> Your task
Reproduce the records below exactly, leaving out any pictures.

(Records from a data collection)

"""

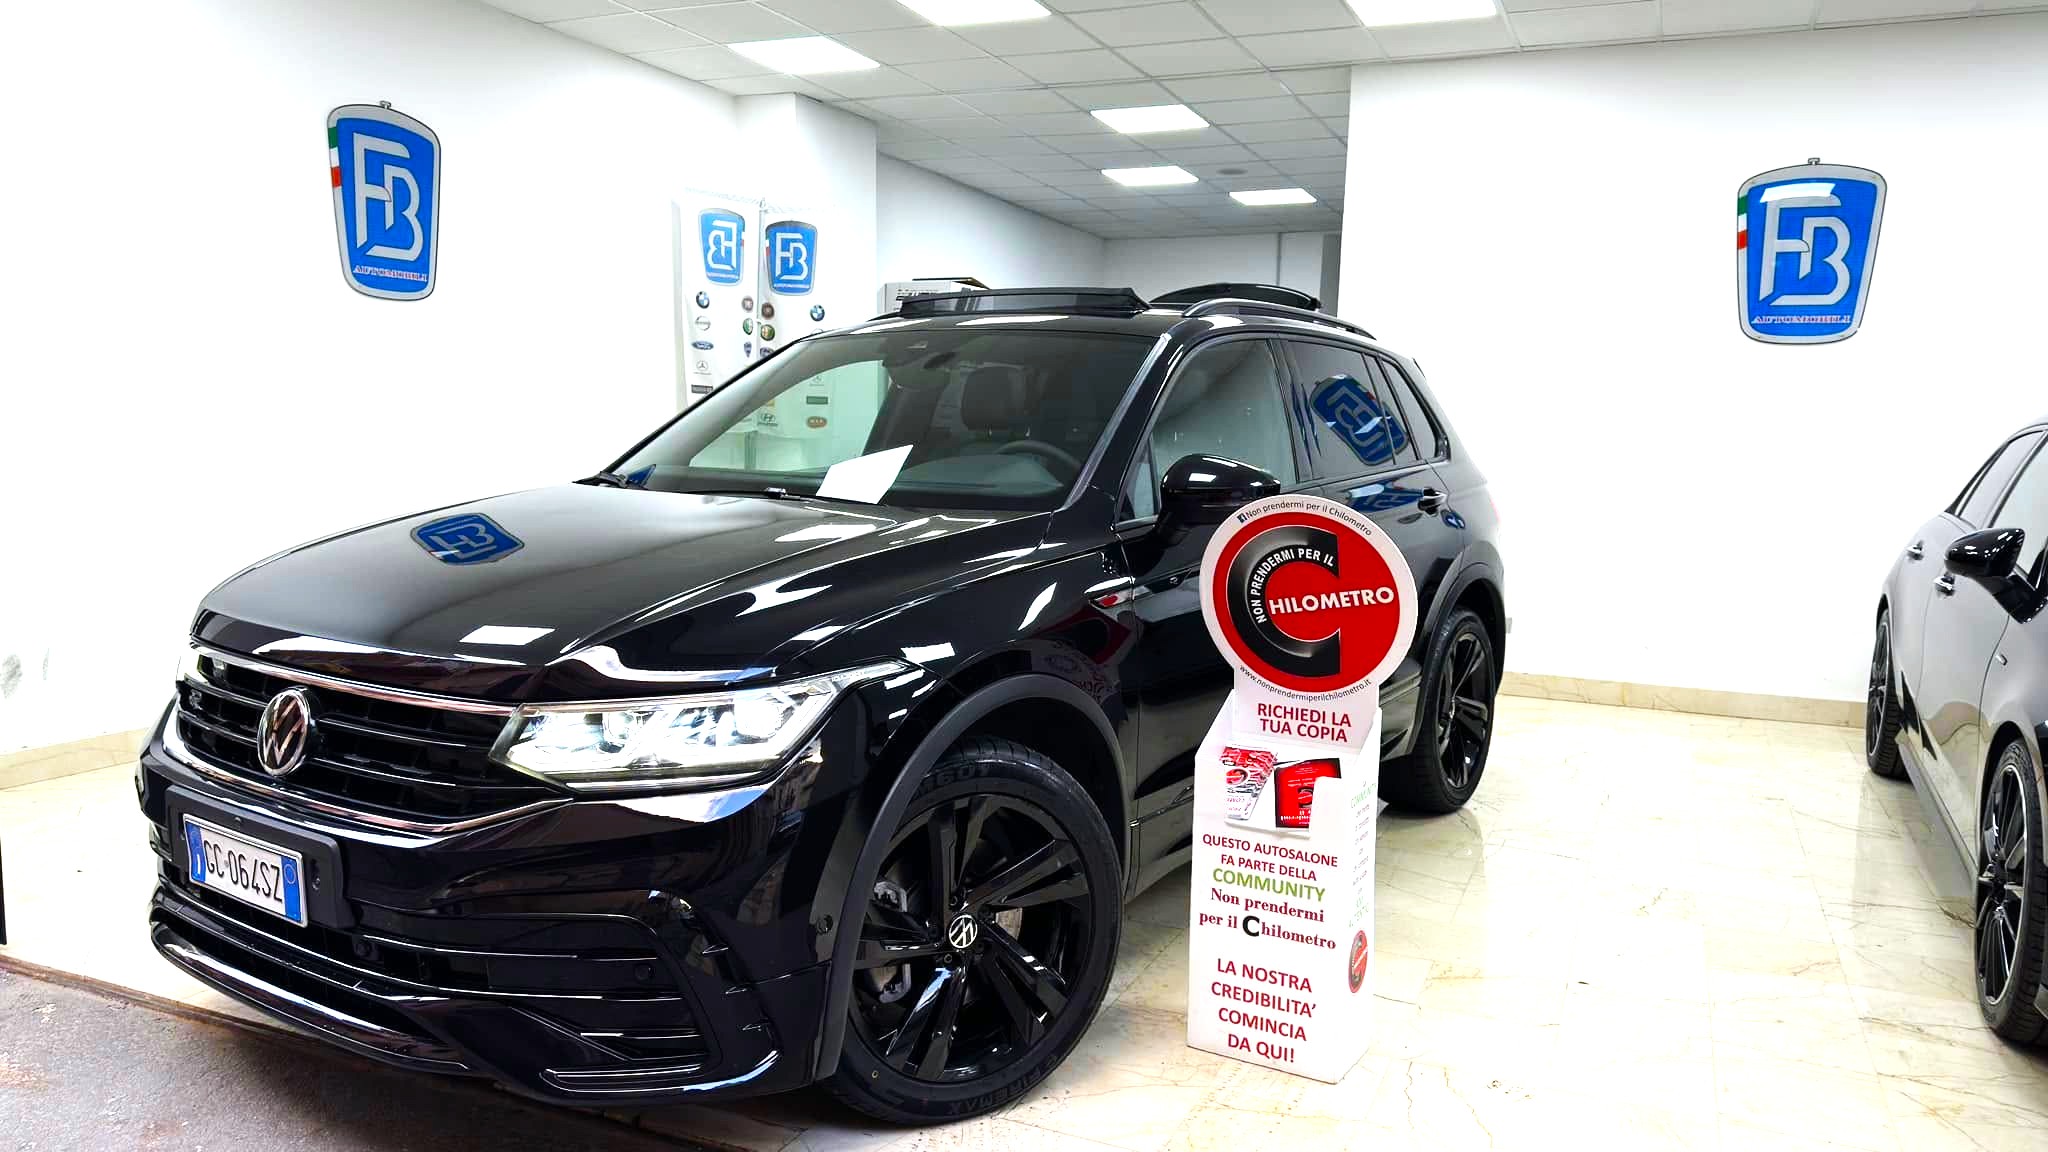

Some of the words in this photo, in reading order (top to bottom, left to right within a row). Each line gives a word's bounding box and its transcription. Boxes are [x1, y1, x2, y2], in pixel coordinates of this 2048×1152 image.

[1246, 507, 1262, 519] Non
[1263, 501, 1304, 513] prendermi
[1306, 502, 1321, 513] per
[1322, 504, 1328, 512] il
[1329, 507, 1372, 536] Chilometro
[1298, 548, 1321, 561] PER
[1323, 553, 1335, 567] IL
[1251, 548, 1295, 596] PRENDERMI
[1251, 598, 1267, 624] NON
[1257, 703, 1327, 725] RICHIEDI
[1332, 711, 1352, 728] LA
[1260, 718, 1292, 735] TUA
[1297, 724, 1348, 743] COPIA
[1202, 834, 1251, 852] QUESTO
[1254, 843, 1338, 867] AUTOSALONE
[1221, 854, 1235, 866] FA
[1238, 857, 1275, 874] PARTE
[1279, 864, 1317, 881] DELLA
[1213, 868, 1325, 902] COMMUNITY
[1211, 887, 1240, 905] Non
[1244, 896, 1325, 922] prendermi
[1199, 912, 1224, 926] per
[1227, 915, 1237, 929] il
[1242, 915, 1336, 949] Chilometro
[1217, 958, 1237, 976] LA
[1242, 963, 1312, 993] NOSTRA
[1211, 981, 1316, 1018] CREDIBILITA'
[1218, 1007, 1307, 1041] COMINCIA
[1227, 1033, 1251, 1052] DA
[1256, 1041, 1295, 1063] QUI!

"""

> Solution to this problem
Some of the words in this photo, in reading order (top to bottom, left to right within a row). Each line gives a word's bounding box and its transcription. Boxes are [x1, y1, x2, y2], in pixel coordinates of this 2048×1152 image.

[1246, 507, 1262, 519] Non
[1263, 501, 1304, 513] prendermi
[1306, 502, 1321, 513] per
[1322, 504, 1328, 512] il
[1329, 507, 1372, 536] Chilometro
[1298, 548, 1321, 561] PER
[1323, 553, 1335, 567] IL
[1251, 548, 1295, 596] PRENDERMI
[1251, 598, 1267, 624] NON
[1257, 703, 1327, 725] RICHIEDI
[1332, 711, 1352, 728] LA
[1260, 718, 1292, 735] TUA
[1297, 724, 1348, 743] COPIA
[1202, 834, 1251, 852] QUESTO
[1254, 843, 1338, 867] AUTOSALONE
[1221, 854, 1235, 866] FA
[1238, 857, 1275, 874] PARTE
[1279, 864, 1317, 881] DELLA
[1213, 868, 1325, 902] COMMUNITY
[1211, 887, 1240, 905] Non
[1244, 896, 1325, 922] prendermi
[1199, 912, 1224, 926] per
[1227, 915, 1237, 929] il
[1242, 915, 1336, 949] Chilometro
[1217, 958, 1237, 976] LA
[1242, 963, 1312, 993] NOSTRA
[1211, 981, 1316, 1018] CREDIBILITA'
[1218, 1007, 1307, 1041] COMINCIA
[1227, 1033, 1251, 1052] DA
[1256, 1041, 1295, 1063] QUI!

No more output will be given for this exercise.